Erstkommunion in Tschenstochau. Foto: Frank Hilbert
Erstkommunion in Tschenstochau. Foto: Frank Hilbert

Die katholische Kirche hatte schon immer ein Problem mit den Frauen. Jahrhunderte lang schrieb die selbsternannte männliche Domäne ihnen vor, wie sie zu leben und was zu denken haben und wie sie von ihrem Unterleib „Gebrauch“ machen dürfen. Selbst die von der Verfassung garantierte Trennung von Religion und Staat und die hart erkämpfte gesetzliche Verankerung der Gleichberechtigung von Mann und Frau konnten nicht am regressiven Beton unter den Ornaten und dessen starken Einfluss auf die Gesellschaft rütteln. Besonders deutlich tritt die Verachtung der Frau beim Thema Empfängnisverhütung und Abtreibung zu Tage. Die Erstere wird von der katholischen Kirche als „pfui“ verboten, die Zweitere aus vermeintlicher Sorge um das ungeborene Leben als Mord – und somit Todsünde – verurteilt. Das Wohl der werdenden Mutter dagegen verschwindet aus dem Blickfeld dieses Paradigmas, selbst wenn die Schwangerschaft die Gesundheit oder das Leben der Frau gefährdet. Restriktive Abtreibungsgesetze sorgen für Angst, Verzweiflung und Tränen. Bereits 1930 hatte der polnische Arzt und Publizist Tadeusz Boy-Żeleński den Mut gehabt, diese verlogenen Praktiken der Fremdbestimmung des weiblichen Körpers als „die Hölle der Frauen“ zu bezeichnen.

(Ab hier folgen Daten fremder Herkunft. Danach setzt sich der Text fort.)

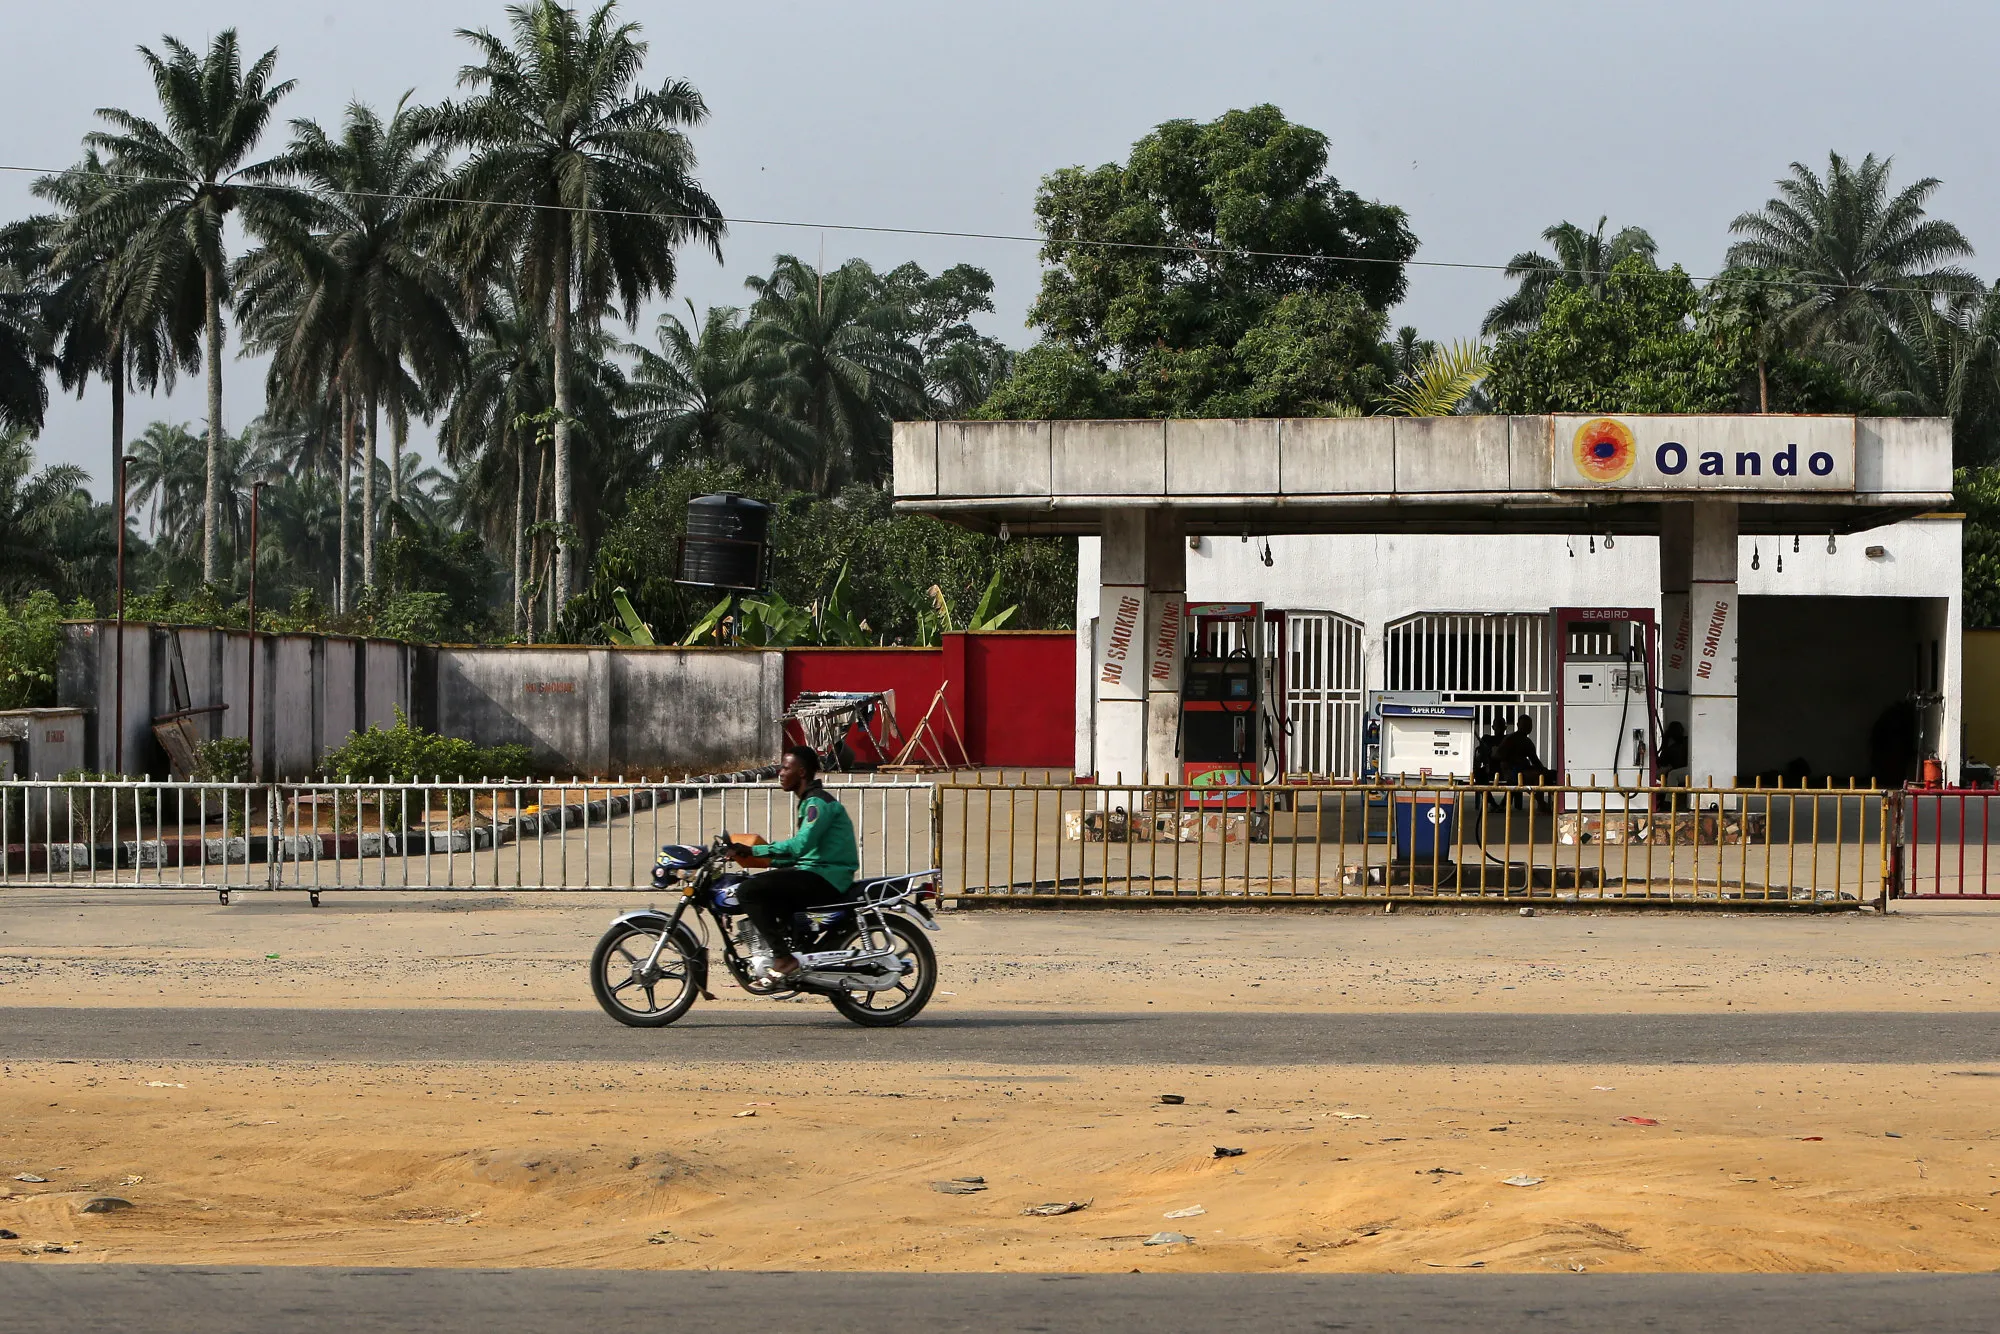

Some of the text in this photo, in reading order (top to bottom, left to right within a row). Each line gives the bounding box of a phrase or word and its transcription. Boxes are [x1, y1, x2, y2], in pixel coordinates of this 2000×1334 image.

Heute, achtzig Jahre später, jonglieren selbst die liberalsten unter den polnischen Politikern mit den Worten, wenn sie Stellung zur gesetzlichen Regelung des Schwangerschaftsabbruchs beziehen sollen. Der Grundtenor lautet: Wozu etwas ändern, was sich seit Jahren bewährt hat? Offenbar sah das Frau Alicja Tysiąc anders, der trotz einer attestierten Gefährdung ihres Augenlichts in Polen das Recht auf einen Schwangerschaftsabbruch verweigert wurde. Ihr Kind kam zur Welt, sie selbst ist nun fast blind. Frau Tysiąc klagte vor dem Europäischen Gerichtshof in Straßburg gegen den polnischen Staat und bekam eine Entschädigung von 25.000 Euro zugesprochen. Kurz darauf kommentierte die katholische Zeitung „Der Sonntagsgast“ auf eine höchst widerwärtige Art und Weise das Urteil des Europäischen Gerichtshofs. Frau Tysiąc ließ sich vom Druck der Öffentlichkeit nicht mürbe machen, verklagte kurzerhand die Zeitung wegen Rufschädigung und Beleidigung und erhielt – diesmal vor einem polnischen Gericht – Recht. Kleine Erfolge, die zeigen, dass offenbar ein zaghafter Ruck durch die polnische Gesellschaft geht. Vielleicht wissen auch die polnischen Politiker die Zeichen der Zeit zu deuten und kapieren endlich, dass nicht die sabbernden, die polnischen Städte mit Großaufnahmen von zerstückelten Embryonen verklebenden Fundamentalisten, sondern die rund 20 Millionen in Polen lebenden Frauen den größeren Teil ihrer potentiellen Wählerschaft ausmachen. (bw)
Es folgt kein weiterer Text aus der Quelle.